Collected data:
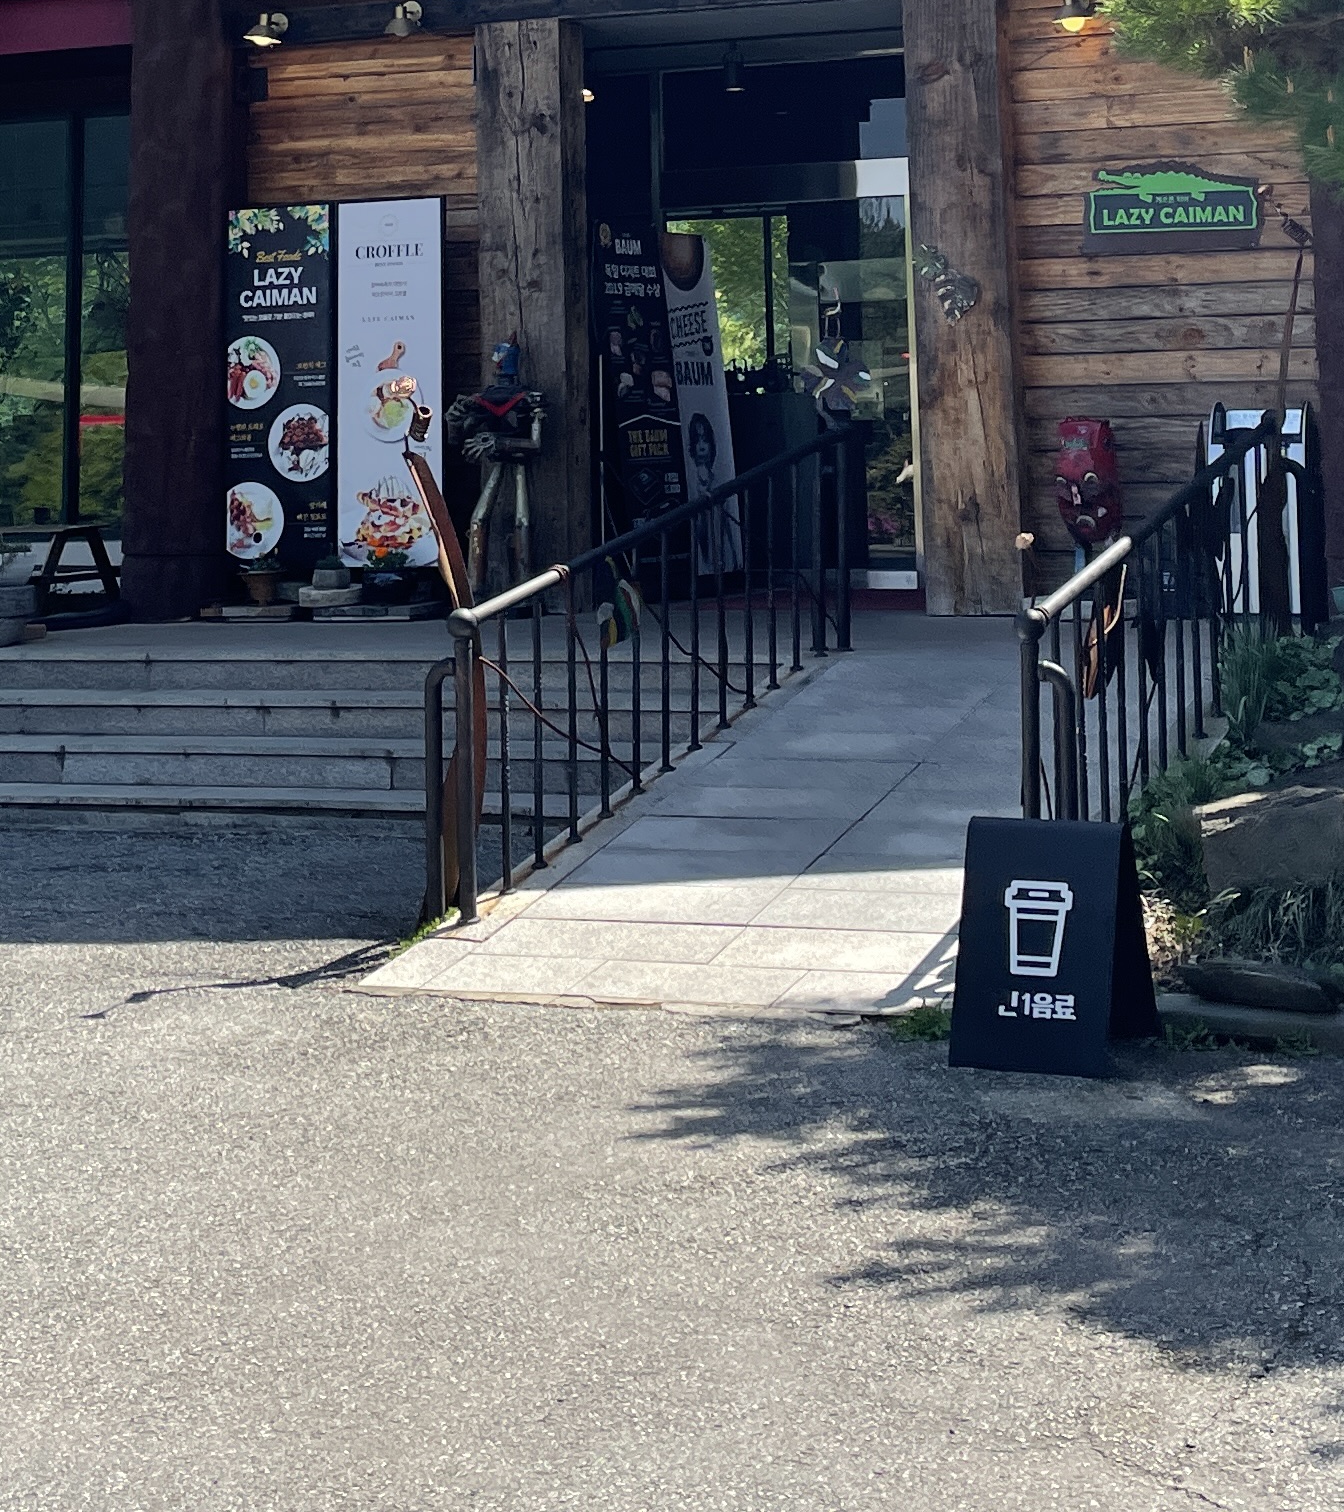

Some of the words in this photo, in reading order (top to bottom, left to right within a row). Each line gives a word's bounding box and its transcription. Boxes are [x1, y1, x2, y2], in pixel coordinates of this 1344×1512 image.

[1103, 208, 1154, 226] LAZY
[1159, 205, 1244, 225] CAIMAN
[355, 242, 424, 260] CROFFLE
[615, 238, 643, 256] BAUM
[253, 267, 303, 286] LAZY
[239, 286, 317, 308] CAIMAN
[670, 310, 708, 339] CHEESE
[675, 361, 714, 386] BAUM

▶ [Exercise brief]: Copy every record character for character. Skip the pictures.

▶ [Worked solution]:
Some of the words in this photo, in reading order (top to bottom, left to right within a row). Each line gives a word's bounding box and its transcription. Boxes are [x1, y1, x2, y2], in pixel coordinates of this 1344×1512 image.

[1103, 208, 1154, 226] LAZY
[1159, 205, 1244, 225] CAIMAN
[355, 242, 424, 260] CROFFLE
[615, 238, 643, 256] BAUM
[253, 267, 303, 286] LAZY
[239, 286, 317, 308] CAIMAN
[670, 310, 708, 339] CHEESE
[675, 361, 714, 386] BAUM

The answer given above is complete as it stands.